Governo vai criar rede nacional de centros de arte contemporânea

As obras do antigo BPN adquiridas pelo Estado vão começar a ser exibidas em Coimbra a partir de dia 4. Novas aquisições públicas de arte contemporânea serão conhecidas até ao final de julho

O Ministério da Cultura pretende "formalizar até final de julho" uma rede de centros de arte contemporânea no país, anunciou a ministra Graça Fonseca em declarações à TSF.

De acordo com governante será feito um "mapeamento de onde já existem centros de arte contemporânea no território", integrando-os depois numa "rede única" com o objetivo de que a coleção do Estado e as coleções privadas que pertencem a cada um destes centros circulem pelos vários espaços. Associado à rede está ainda "um objetivo de residências e de investigação".

Na opinião da ministra da Cultura, a existência desta rede permitirá fazer com que "a circulação de determinadas obras de um artista" seja feita de uma forma "mais estruturada". O governo pretende assim "fazer uma programação de circulação descentralizada" com as obras da coleção do Estado.

O primeiro pólo da rede de centros de arte contemporânea vai ficar em Coimbra, cidade onde será inaugurada, a 4 de julho, a exposição da coleção que o Estado adquiriu ao antigo BPN no início de janeiro e que foi englobada na Coleção de Arte Contemporânea do Estado.

Esta será a primeira de um conjunto de três exposições que terão lugar entre julho de 2020 e meados de 2022.

Até ao final de julho, o Governo pretende também anunciar as obras de arte contemporânea que vai comprar este ano. A lista será apresentada à ministra da Cultura pela comissão de aquisições que foi criada há pouco mais de um ano e que está a avaliar as obras com interesse para o Estado. "Este ano a verba é de 500 mil euros, no ano passado foi de 300 mil euros.
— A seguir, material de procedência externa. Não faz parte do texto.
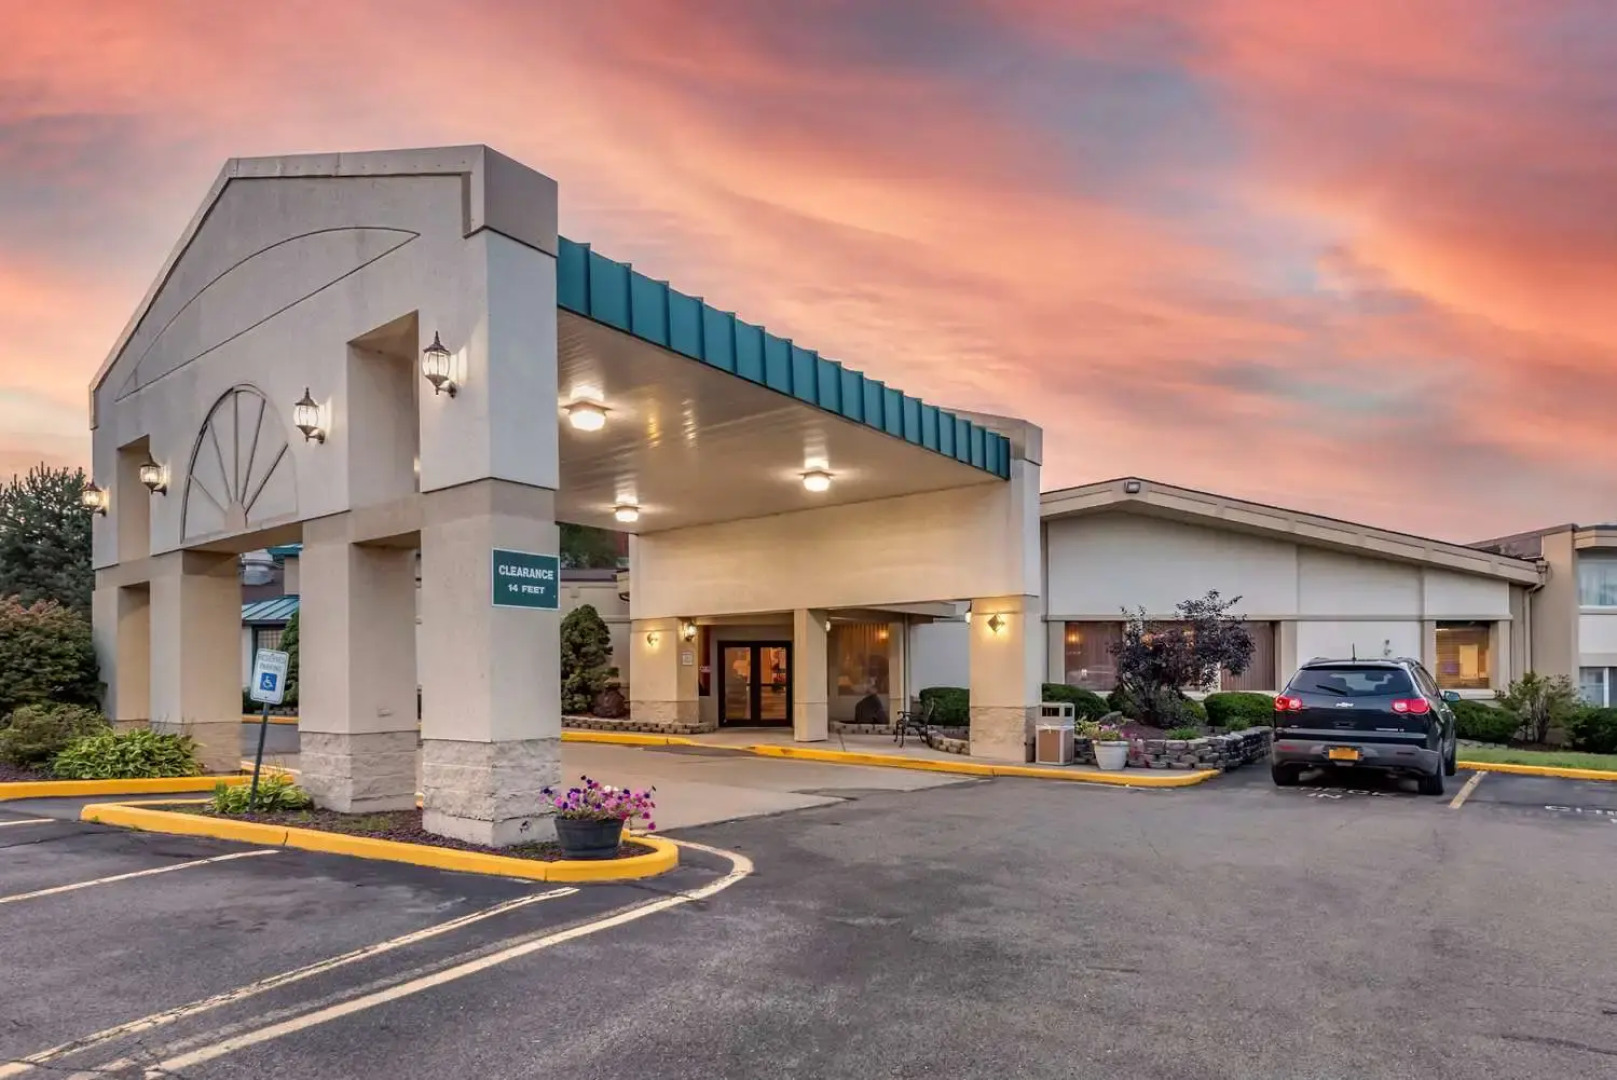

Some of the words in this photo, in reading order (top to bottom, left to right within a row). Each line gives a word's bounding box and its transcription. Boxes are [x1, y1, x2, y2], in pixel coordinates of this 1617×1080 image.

[498, 564, 554, 580] CLEARANCE
[507, 583, 519, 592] 14
[521, 584, 545, 594] FEET
As obras adquiridas são sempre de artistas contemporâneos portugueses", refere Graça Fonseca.

Segundo a ministra, "ao longo dos últimos 5 anos, o Estado investiu mais de 65 milhões de euros em obras de arte".

De acordo com dados do Ministério da Cultura, a Coleção de Arte Contemporânea do Estado é composta por 1225 obras, incluindo 196 do antigo BPN, 85 de Juan Miró e 6 de Vieira da Silva.